ASSIGNED TASK
The entries below should be repeated exactly, with no pictures carried over.

Start of DATASET EXTRACT

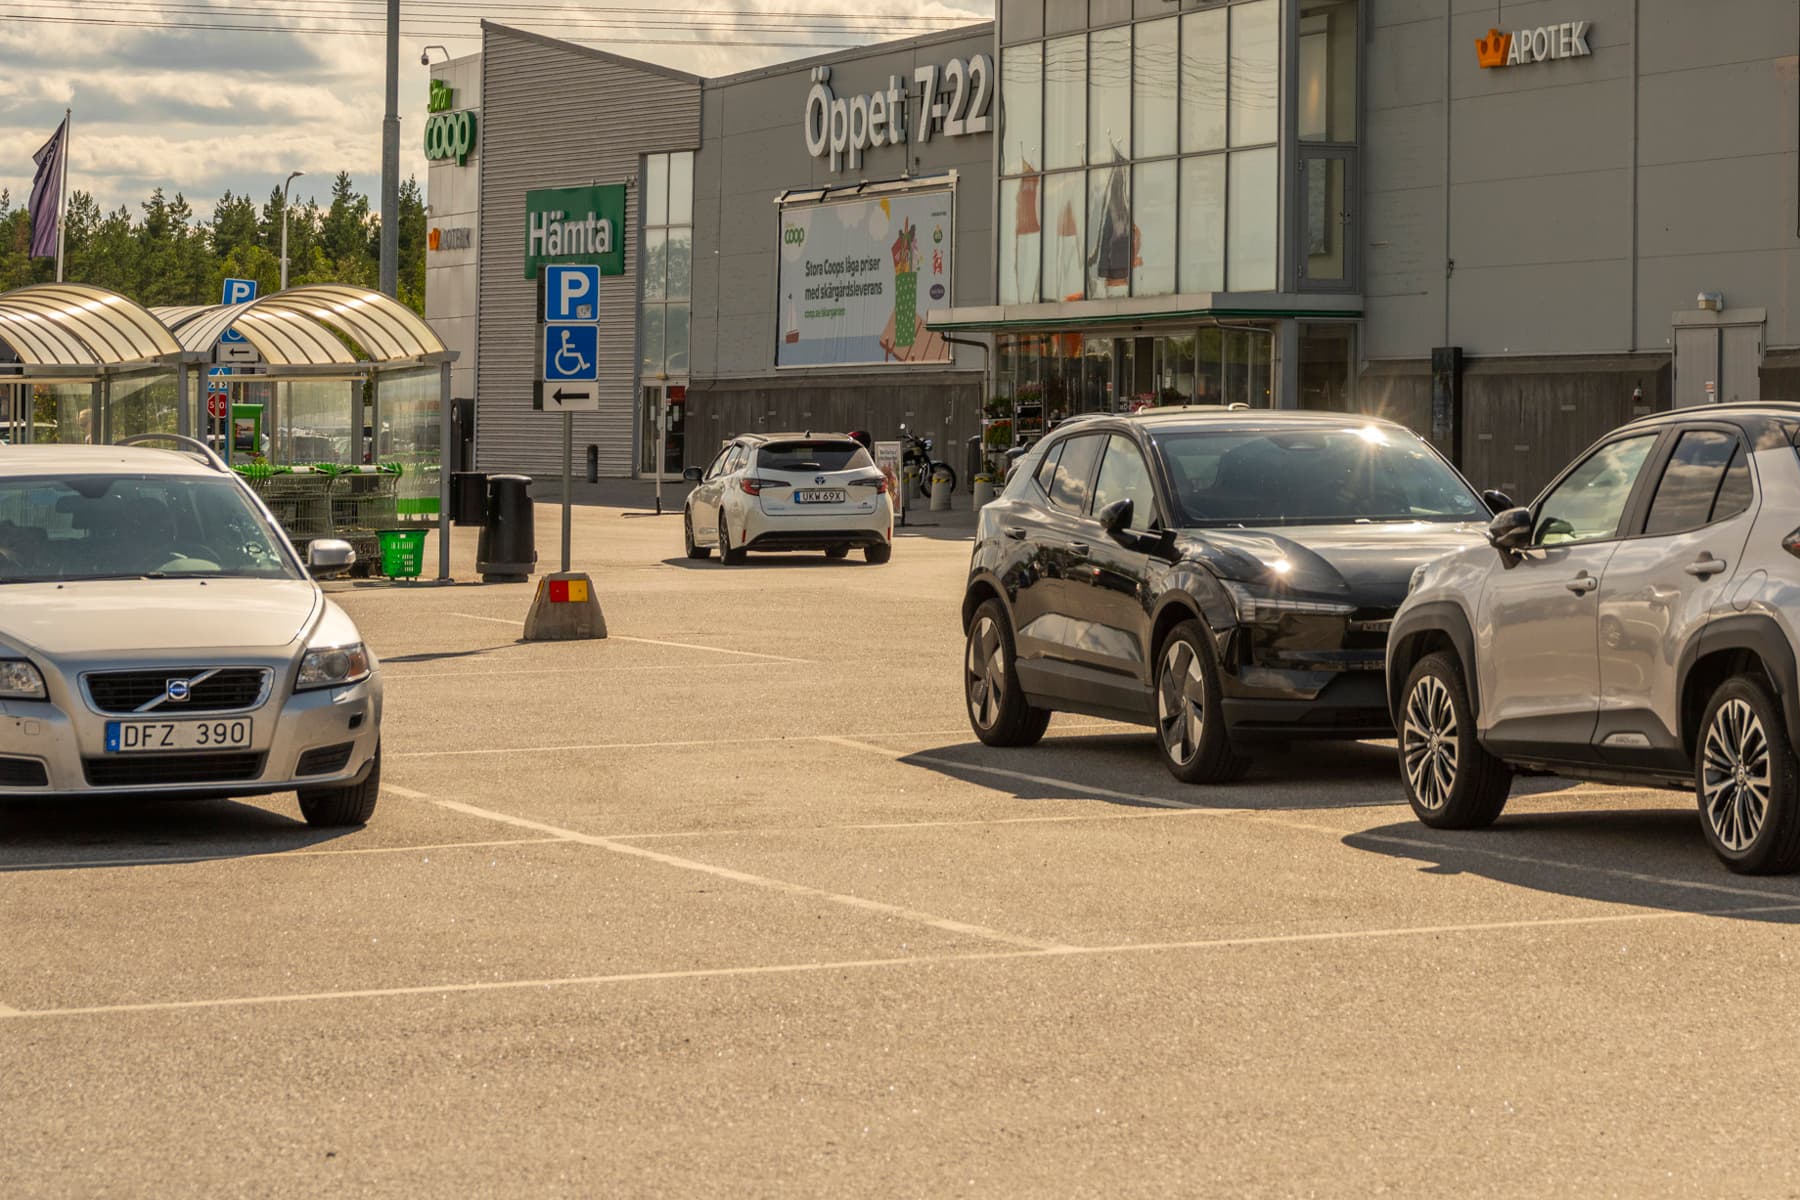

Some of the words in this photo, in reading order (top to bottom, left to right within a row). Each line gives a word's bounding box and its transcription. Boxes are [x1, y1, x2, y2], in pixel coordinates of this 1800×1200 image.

[1506, 21, 1591, 66] APOTEK
[805, 65, 908, 172] Öppet
[914, 54, 994, 142] 7-22
[424, 111, 477, 167] coop
[529, 210, 613, 257] Hämta
[784, 227, 805, 247] coop
[805, 260, 823, 277] Stora
[824, 259, 844, 278] Coops
[845, 255, 859, 277] låga
[860, 256, 881, 276] priser
[231, 282, 250, 305] P
[560, 271, 590, 315] P
[804, 283, 820, 301] med
[802, 491, 820, 501] UKW
[823, 490, 841, 501] 69X
[124, 724, 175, 748] DFZ
[196, 722, 245, 744] 390
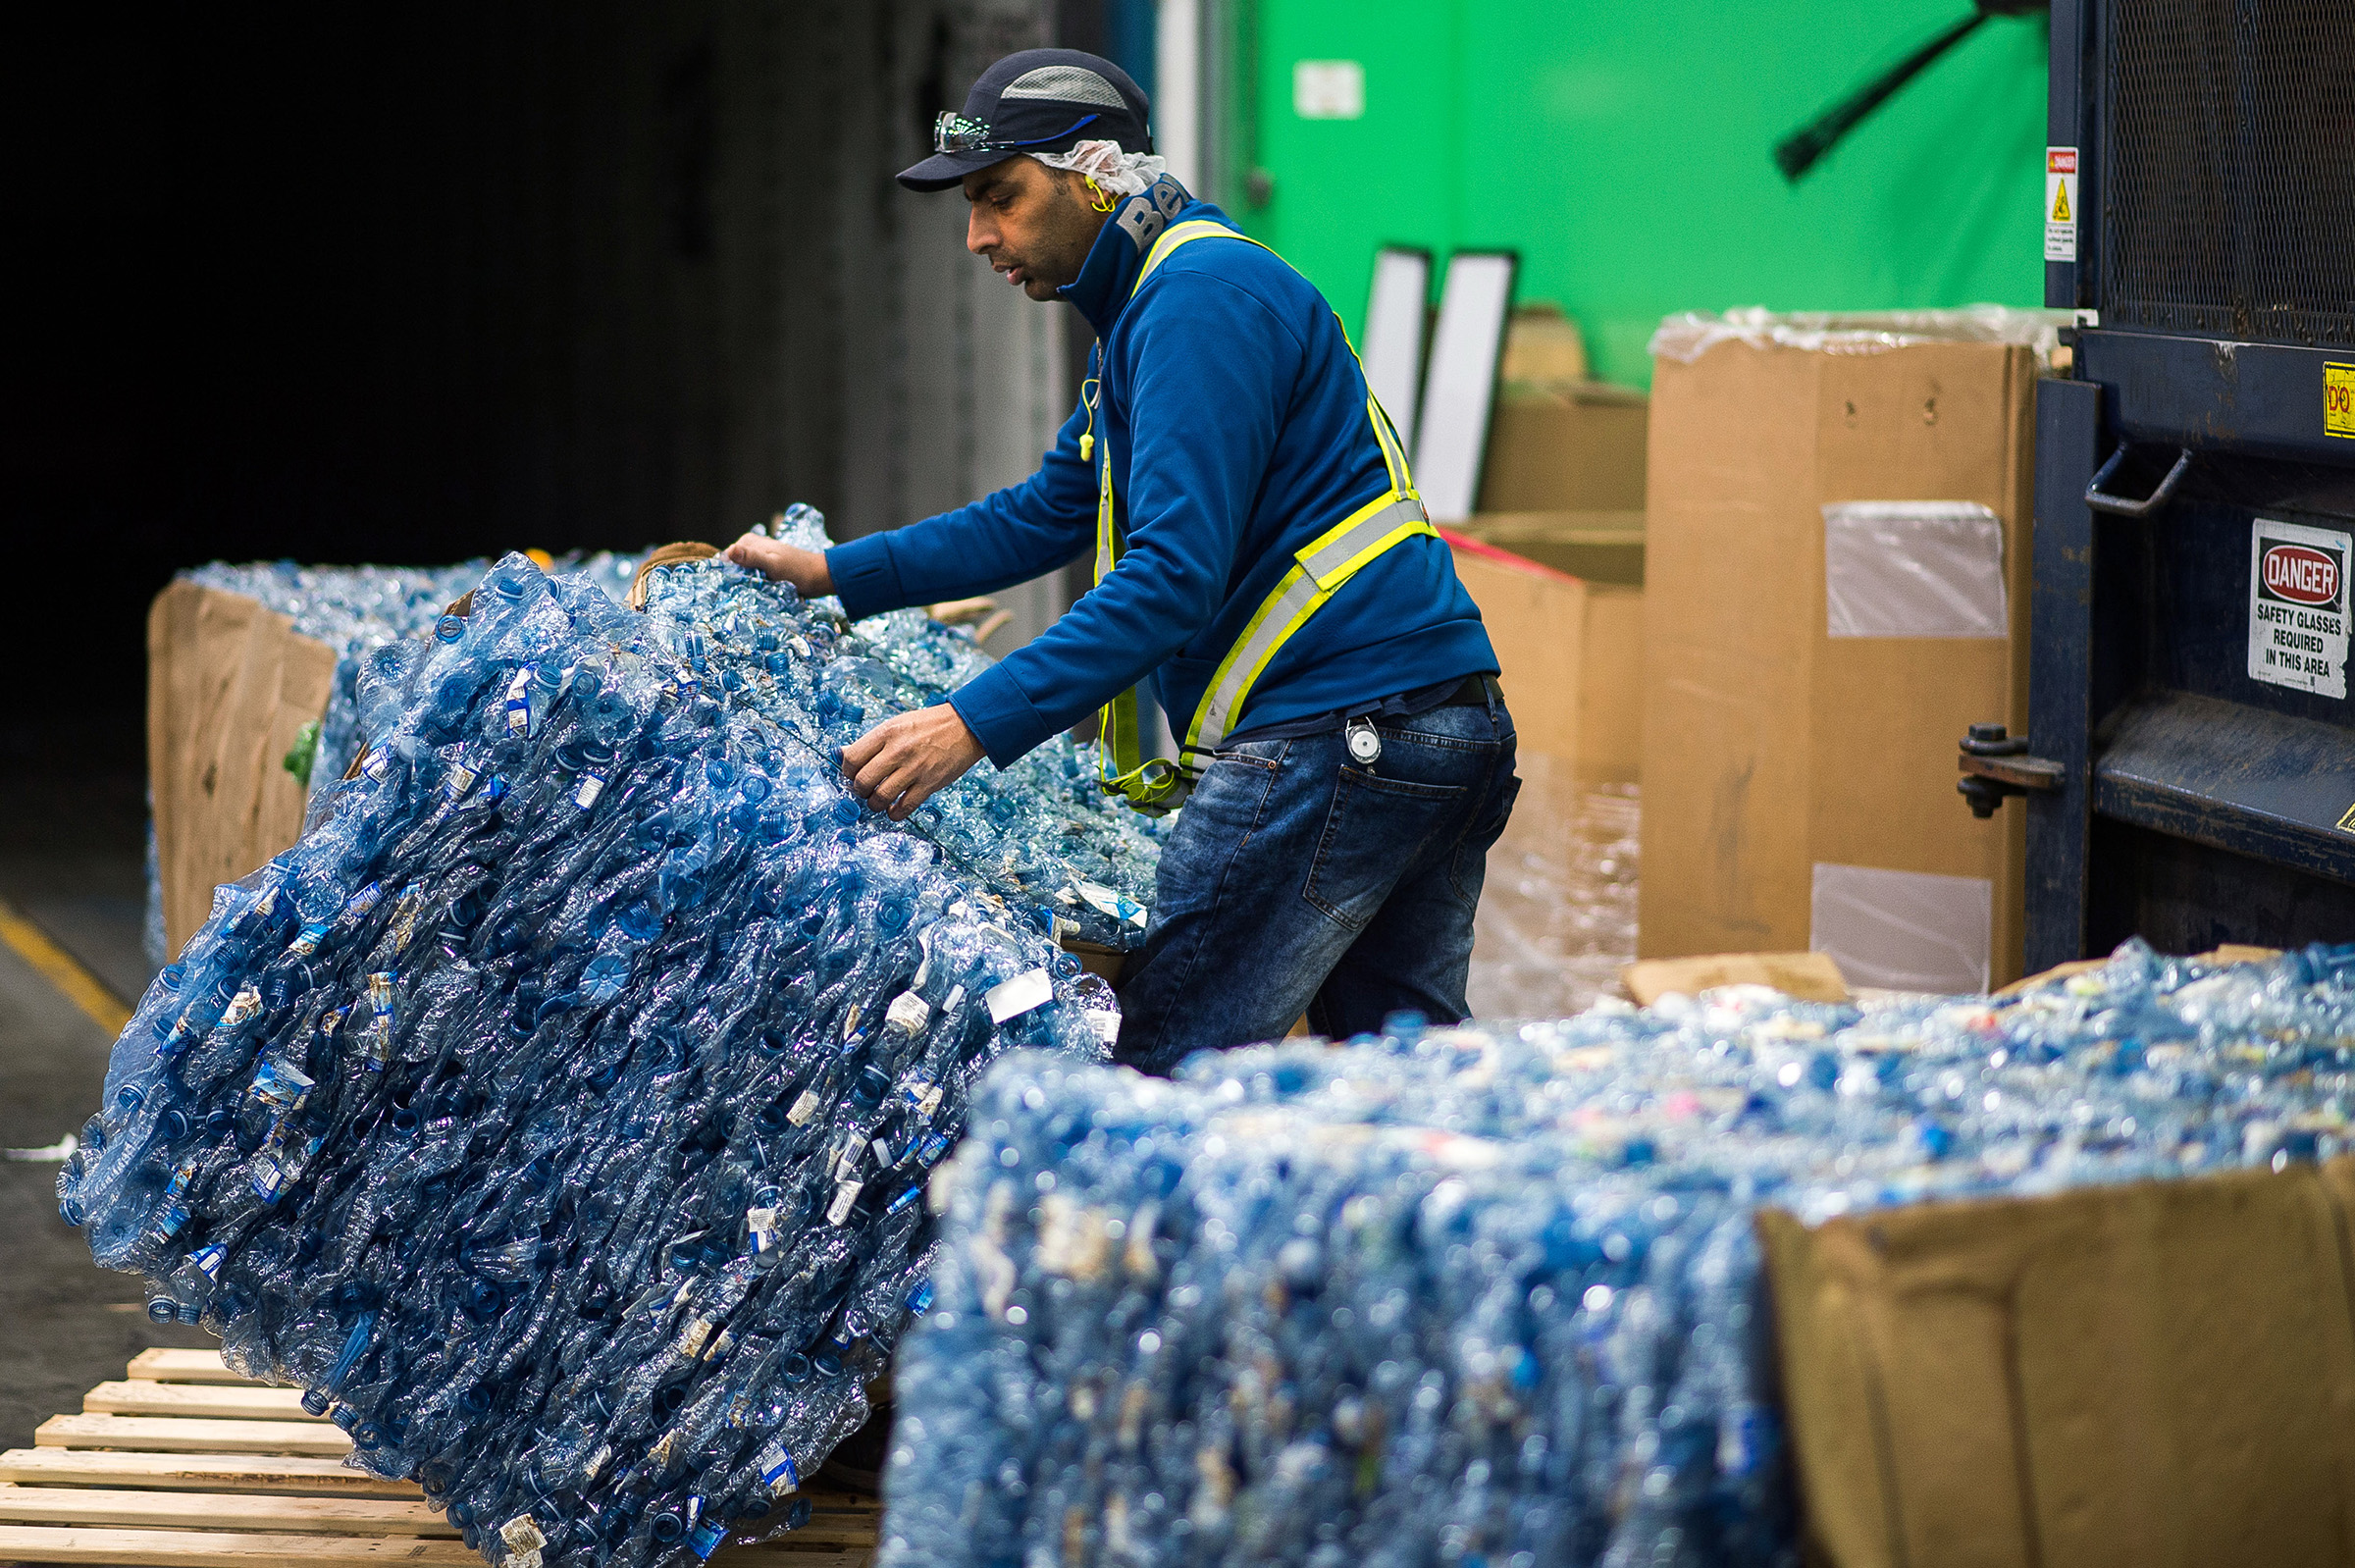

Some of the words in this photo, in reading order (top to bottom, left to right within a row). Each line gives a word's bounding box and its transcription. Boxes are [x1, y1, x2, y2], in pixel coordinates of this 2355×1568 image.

[2268, 553, 2334, 597] DANGER
[2258, 603, 2295, 626] SAFETY
[2297, 610, 2341, 636] GLASSES
[2274, 628, 2324, 653] REQUIRED
[2266, 648, 2276, 665] IN
[2278, 651, 2301, 671] THIS
[2304, 656, 2330, 678] AREA
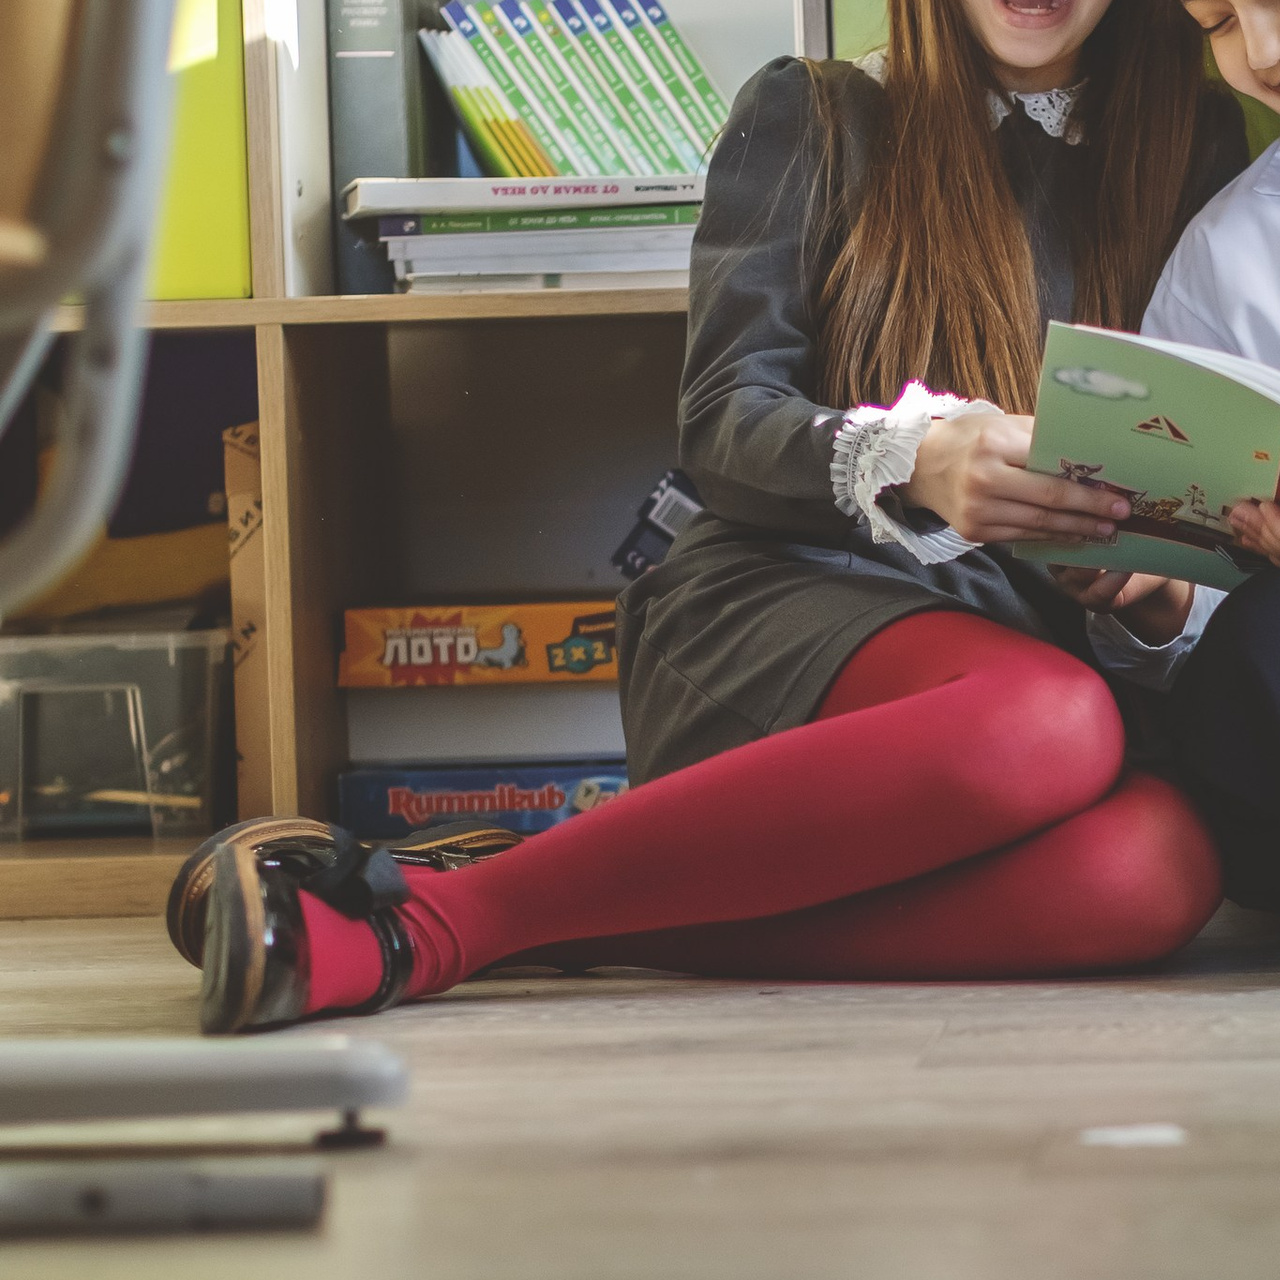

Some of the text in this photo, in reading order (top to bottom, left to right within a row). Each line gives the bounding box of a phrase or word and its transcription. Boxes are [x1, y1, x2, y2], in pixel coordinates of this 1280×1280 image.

[491, 186, 526, 196] НЕБА
[530, 186, 550, 195] ДО
[553, 185, 599, 195] ЗЕМЛИ
[602, 184, 620, 194] ОТ
[382, 636, 479, 667] ЛОТО
[388, 782, 566, 825] Rummikub

End of DATASET EXTRACT

ANSWER SECTION
Some of the words in this photo, in reading order (top to bottom, left to right within a row). Each line gives a word's bounding box and its transcription. Boxes are [x1, y1, x2, y2], in pixel coordinates of this 1800×1200 image.

[1506, 21, 1591, 66] APOTEK
[805, 65, 908, 172] Öppet
[914, 54, 994, 142] 7-22
[424, 111, 477, 167] coop
[529, 210, 613, 257] Hämta
[784, 227, 805, 247] coop
[805, 260, 823, 277] Stora
[824, 259, 844, 278] Coops
[845, 255, 859, 277] låga
[860, 256, 881, 276] priser
[231, 282, 250, 305] P
[560, 271, 590, 315] P
[804, 283, 820, 301] med
[802, 491, 820, 501] UKW
[823, 490, 841, 501] 69X
[124, 724, 175, 748] DFZ
[196, 722, 245, 744] 390

Some of the words in this photo, in reading order (top to bottom, left to right within a row). Each line gives a word's bounding box and its transcription. Boxes are [x1, y1, x2, y2], in pixel coordinates of this 2355×1568 image.

[2268, 553, 2334, 597] DANGER
[2258, 603, 2295, 626] SAFETY
[2297, 610, 2341, 636] GLASSES
[2274, 628, 2324, 653] REQUIRED
[2266, 648, 2276, 665] IN
[2278, 651, 2301, 671] THIS
[2304, 656, 2330, 678] AREA

Some of the text in this photo, in reading order (top to bottom, left to right within a row). Each line gives the bounding box of a phrase or word and its transcription. Boxes are [x1, y1, x2, y2], in pixel coordinates of this 1280×1280 image.

[491, 186, 526, 196] НЕБА
[530, 186, 550, 195] ДО
[553, 185, 599, 195] ЗЕМЛИ
[602, 184, 620, 194] ОТ
[382, 636, 479, 667] ЛОТО
[388, 782, 566, 825] Rummikub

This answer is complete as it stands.